Я вижу, как она наливает из него в чашу воду, всё ещё стоя ко мне спиной, и, не до конца понимая свои намерения, делаю к соблазнительно застывшей в полумраке фигуре первый шаг.

Он не слышен, в отличие от тяжелого дыхания нас обоих, правда, теперь я дышу так далеко не из-за погони…

Тот самый изголодавшийся зверь внутри неожиданно просыпается, и перед глазами проносятся пляшущими картинками всё, что было между мной и Сурайей за эти дни. Разум отступает, полностью отдавая меня во власть чувств и тела.

Она осторожно оставляет в стороне кувшин, и другой своей изящной рукой, блеснув браслетами, тянется к шее. Чуть приподнимает волнистые и густые волосы снизу, разминая мышцы. Я четко вижу, как маленькая капля пота прокладывает дорожку по позвоночнику, теряясь где-то в оранжевой ткани верха сумасбродного наряда.

Весь вечер ведь мозолила мне в нем глаза.

Ещё один шаг…

Я напоминаю себе подкрадывающегося хищника.

— Будешь воду?.. — Сурайя дружелюбно разговаривает со мной, как ни в чем не бывало, всё так же не оборачиваясь и даже не подозревая, что я уже почти настиг её. — И всё-таки, повезло, что мы оказались рядом с моим домом. Хоть успели спрятаться. Присаживайся, Алисе…

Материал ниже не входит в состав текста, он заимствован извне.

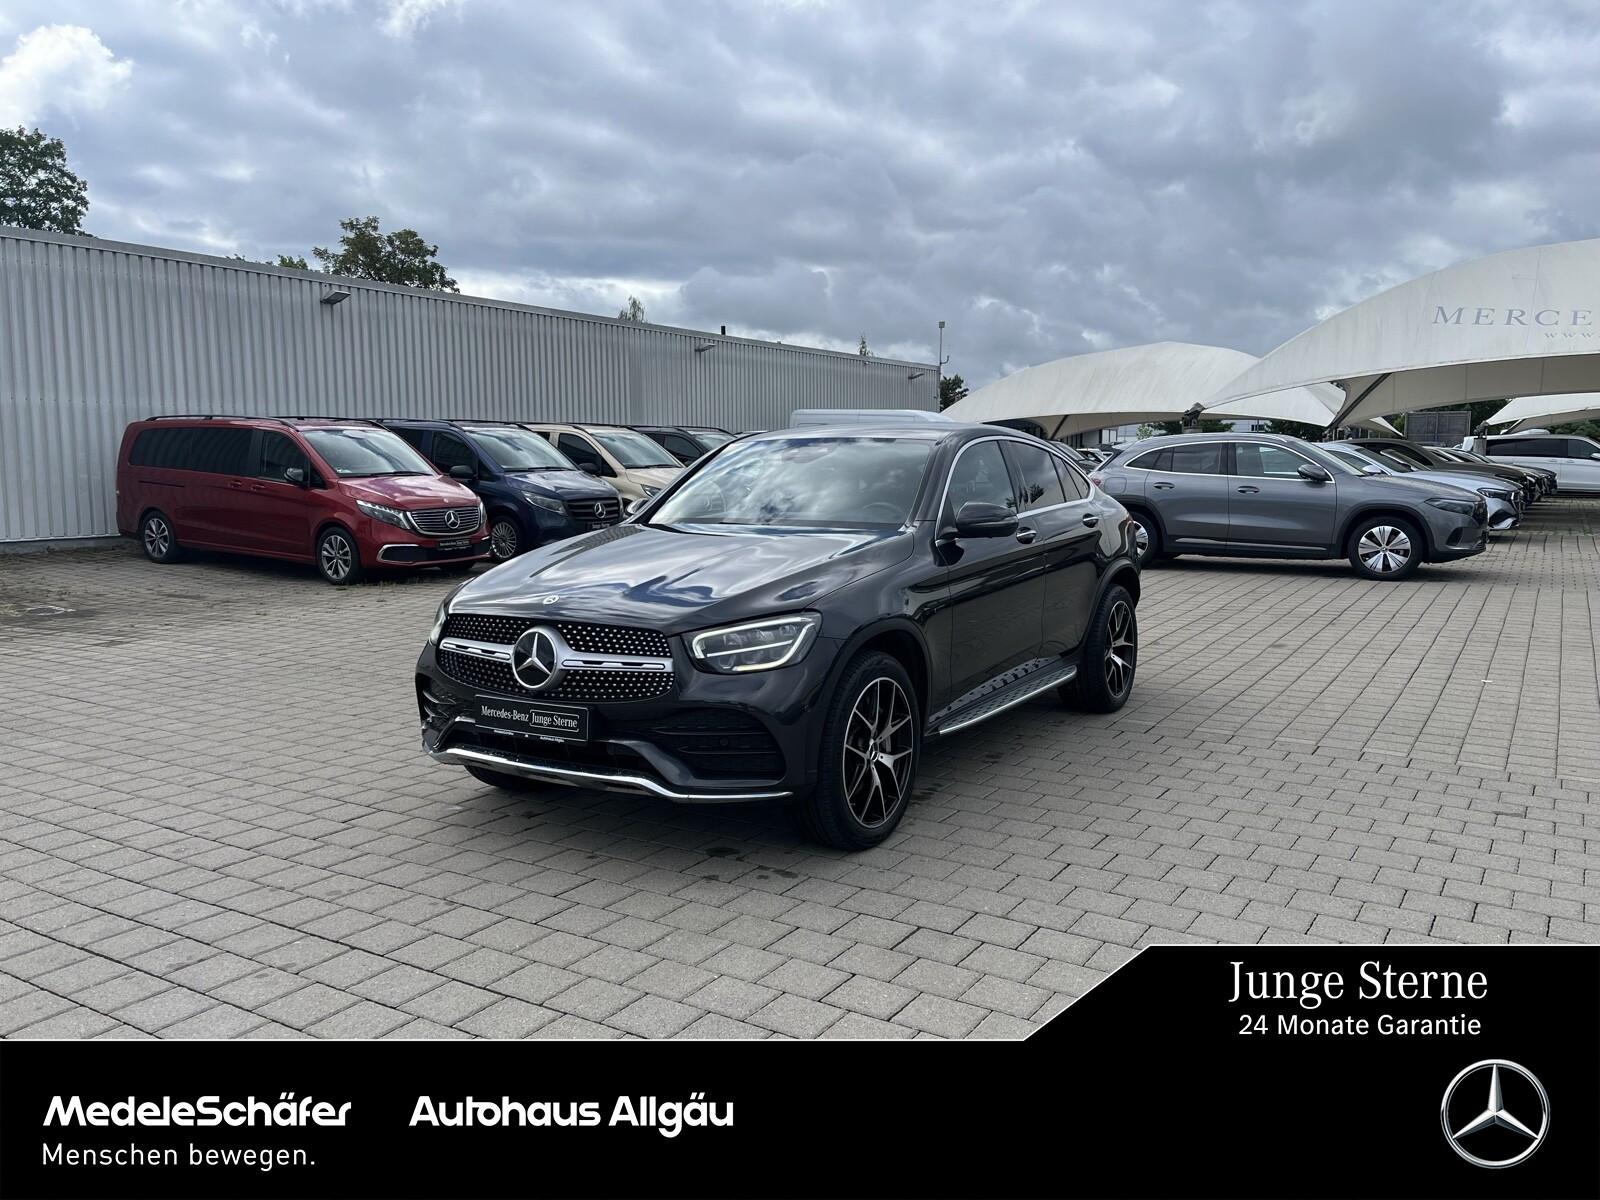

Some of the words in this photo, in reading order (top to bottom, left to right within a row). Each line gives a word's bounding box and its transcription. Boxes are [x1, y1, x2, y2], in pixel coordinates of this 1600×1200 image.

[1432, 306, 1592, 326] MERCE
[480, 705, 529, 722] Mercedes-Benz
[531, 712, 552, 726] Junge
[553, 716, 578, 728] Sterne

Она замолкает на полуслове, когда, наконец-то представ передо мной лицом, чуть не сталкивается кончиком аккуратного носа с моим. В ее руке плещется вода, грозящая перелиться через край. Слегка вздрогнув, Сурайя взволнованно поднимает свой взгляд — эти её дурманящие зеленые глаза в обрамлении пушистых ресниц, обещающие мне рай, каждый раз сводят с ума — и, приоткрыв рот, медленно и судорожно шепчет:

— Алисейд…

Я не помню, как перехватываю её ладонь, в которой предложенная чаша; не помню, как она, кажется, летит к нам под ноги, на ковер. И всё потому, что моё имя Сурайя договаривает не в рамках предыдущего контекста своей гостеприимной речи — она произносит его отдельно, словно заново, с такой мольбой, с таким желанием, с такой неизведанной для меня пылкостью, что всё моментально будто встаёт на свои места и окончательно определяется, перечеркнув сомнения прошедших дней и любые переживания.

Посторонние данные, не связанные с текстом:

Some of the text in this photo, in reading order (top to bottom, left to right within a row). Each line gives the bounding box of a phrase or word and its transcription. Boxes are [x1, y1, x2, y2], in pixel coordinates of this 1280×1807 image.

Мы оба понимаем, что ни я, ни она не хотим пить. Как не хотим разговоров и обсуждений. Не хотим выдуманной нарочитой вежливости и притворства.

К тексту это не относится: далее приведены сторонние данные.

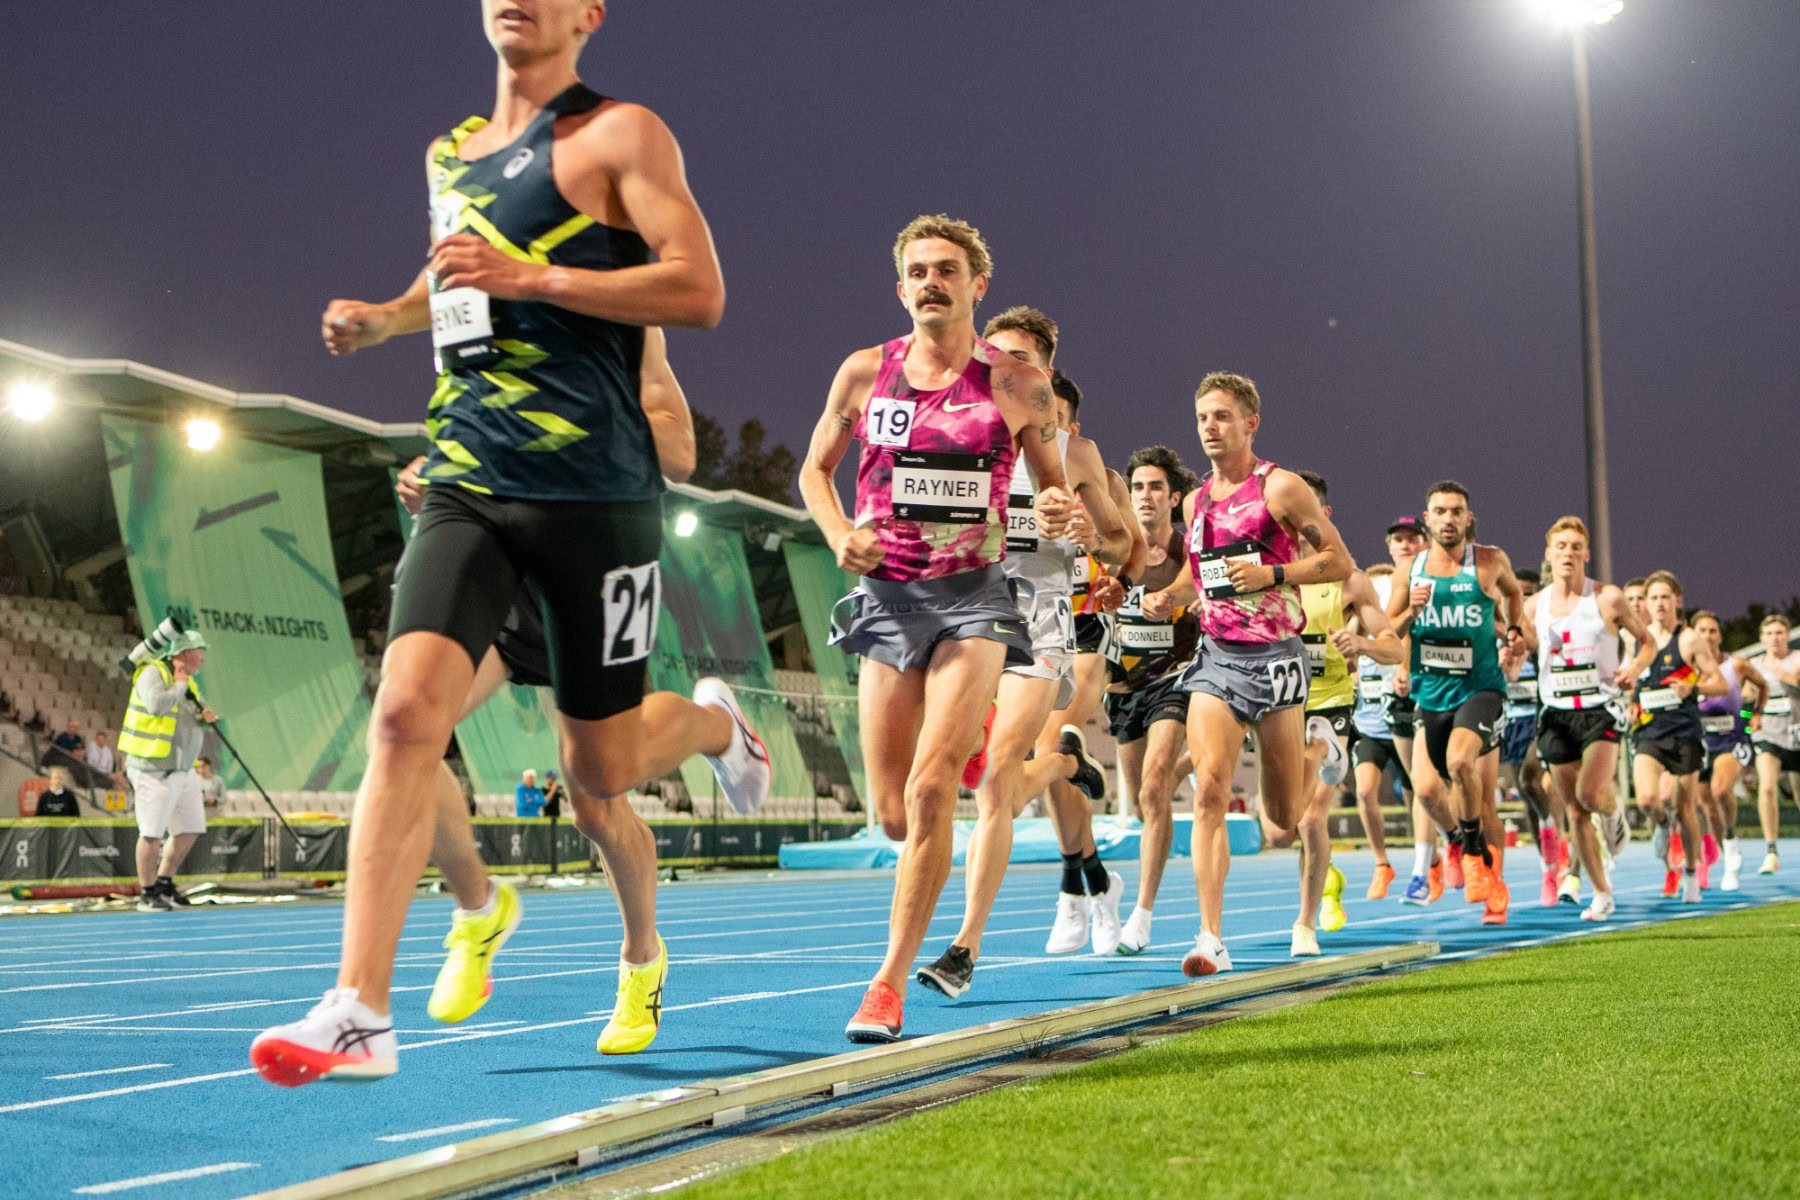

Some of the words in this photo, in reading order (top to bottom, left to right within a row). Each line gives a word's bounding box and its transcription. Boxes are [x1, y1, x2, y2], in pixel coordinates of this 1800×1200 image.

[432, 301, 473, 331] EYNE
[873, 407, 910, 437] 19
[903, 477, 979, 498] RAYNER
[609, 566, 655, 661] 21
[1425, 650, 1466, 664] CANALA
[1273, 660, 1305, 708] 22
[1555, 674, 1593, 687] LITTLE

Нас не волнует ничего, кроме…

Я стремительным движением притягиваю лицо Сурайи к себе, обхватив её горящую от смущения и ожидания ласки щёку одной ладонью, и впечатываюсь в раскрытые губы своими так, как никогда до этого. Другой рукой я сразу же плотным кольцом запираю её тело в мертвую хватку своих объятий, как в тюрьму; от этого мы оба, пошатываясь, легонько ударяемся о край стола.

Её горячий язык покорно и в то же время страстно отвечает моему, позволяя наслаждаться собой, и я еле сдерживаюсь, чтобы вдобавок не укусить эти мягкие, податливые губы. Рано… Ещё рано…

Я не хочу пугать её своей алчностью и ненасытностью, которые на самом деле уже давно не в состоянии контролировать.

Ладони Сурайи почти сразу ложатся на мою шею, лаская кожу, и никто из нас не думает об усталости и взмокшей после погони одежде, о последствиях свершившейся миссии, о завтрашнем дне — есть только мы, здесь и сейчас.